2010 l’année de toutes les trahisons

2010 devait être l’année de l’accès universel aux traitements. Les pays riches s’y étaient engagés lors du sommet du G8 de 2005. Mais ils n’ont pas tenus leurs promesses.

La France, saluée pour l’augmentation de sa contribution en octobre à New York n’a pourtant pas de quoi être fière. Si Nicolas Sarkozy avait décidé de doubler la contribution française au Fonds Mondial pour les trois prochaines années, il aurait envoyé un message fort. Au lieu de cela, il a annoncé, une bien maigre augmentation de 20%, dont une partie irait aux programmes bilatéraux français. Mais il n’a cessé de le répéter, « ce n’est pas possible », « les caisses sont vides », « on fait déjà un effort immense ». Pourtant, lorsque le pays a débloqué deux milliards pour financer un plan grippe A en 2009, cela n’a pas posé de problème à la France.
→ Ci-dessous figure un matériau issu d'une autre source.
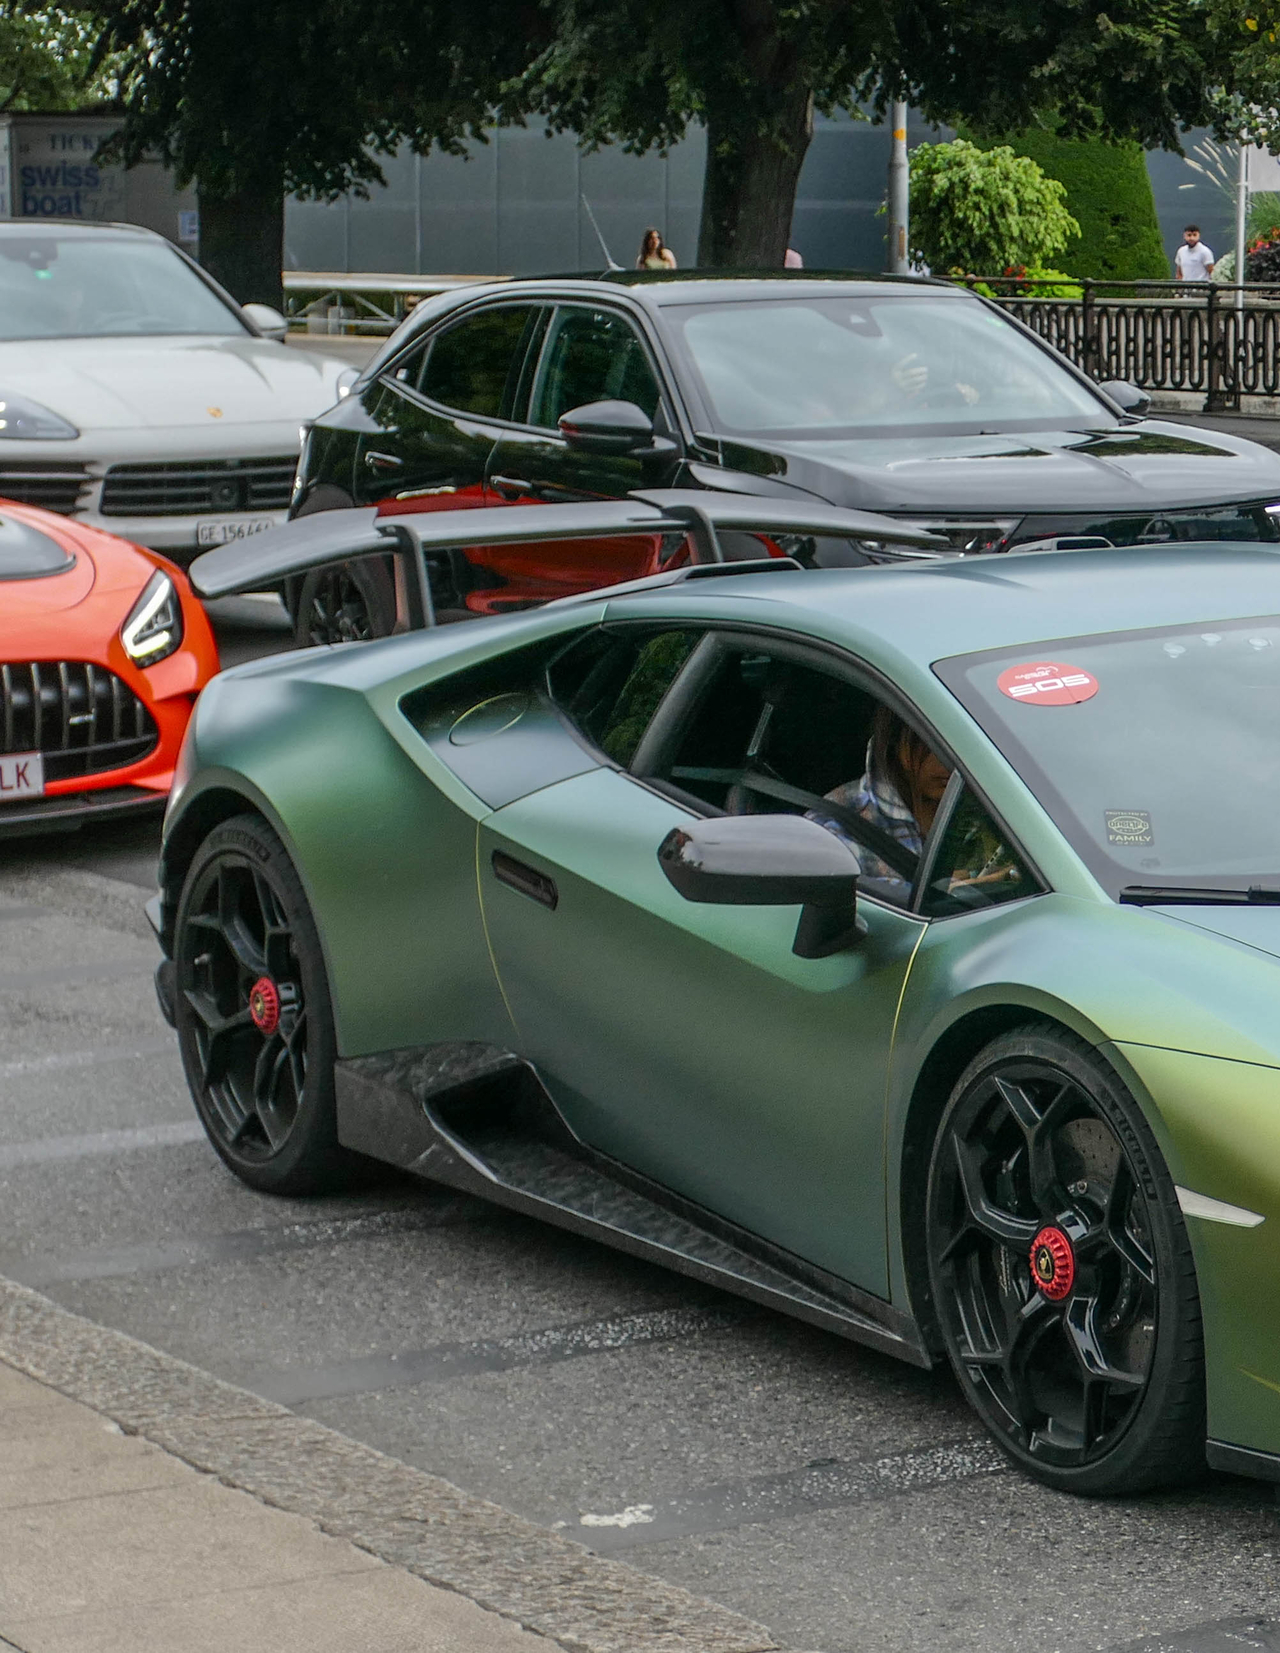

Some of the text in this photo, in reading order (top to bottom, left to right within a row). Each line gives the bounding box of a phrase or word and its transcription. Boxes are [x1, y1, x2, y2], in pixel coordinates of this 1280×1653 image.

Les 90 millions de doses de vaccins pour 60 millions de français (!) ont été acheté sur le champ à Sanofi-Aventis. 2 milliards, c’est ce que les associations demandaient au gouvernement pour financer la lutte contre trois pandémies qui font 15000 morts par jours pour les trois prochaines années. La conférence de reconstitution des fonds du Fonds Mondial qui s’est déroulée à New York en octobre dernier a ainsi été bien triste. Sur les 20 milliards nécessaires pour continuer les mises sous traitements et pour appliquer les nouvelles recommandations de l’OMS (notamment, éliminer la stavudine et la triomune des molécules prescrites dans les pays en développement faute de moyens), seuls 10 milliards ont été perçus.

Comment va-t-il être possible de continuer les mises sous traitements, alors que des millions de personnes vont entrer en résistances aux traitements de premières lignes dans les mois qui viennent et qu’elles vont avoir besoin de molécules en moyenne dix fois plus chers ? La logique voudrait que les pays riches en pleine crise économique et financière cherchent activement des moyens de compenser le manque de financements. Mais il n’en est rien. La France a même choisi le chemin diamétralement opposé en négociant avec l’Europe des accords de libres échanges avec l’Inde, premier producteur de génériques au monde, en négociant les accords ACTA qui risquent d’entraver la production de génériques et en cherchant par tous les moyens à nuire à UNITAID, toujours perçue par l’Elysée de Sarkozy comme étant l’initiative du président Chirac et enfin en soutenant à tout prix à plaire à l’industrie pharmaceutique de marque, dont les monopoles rendent l’accès aux traitements impossible pour des miliions de personnes.

2010 fut l’année de toutes les contradictions de Nicolas Sarkozy. Il restera dans la mémoire des malades du sida comme le président de toutes les trahisons.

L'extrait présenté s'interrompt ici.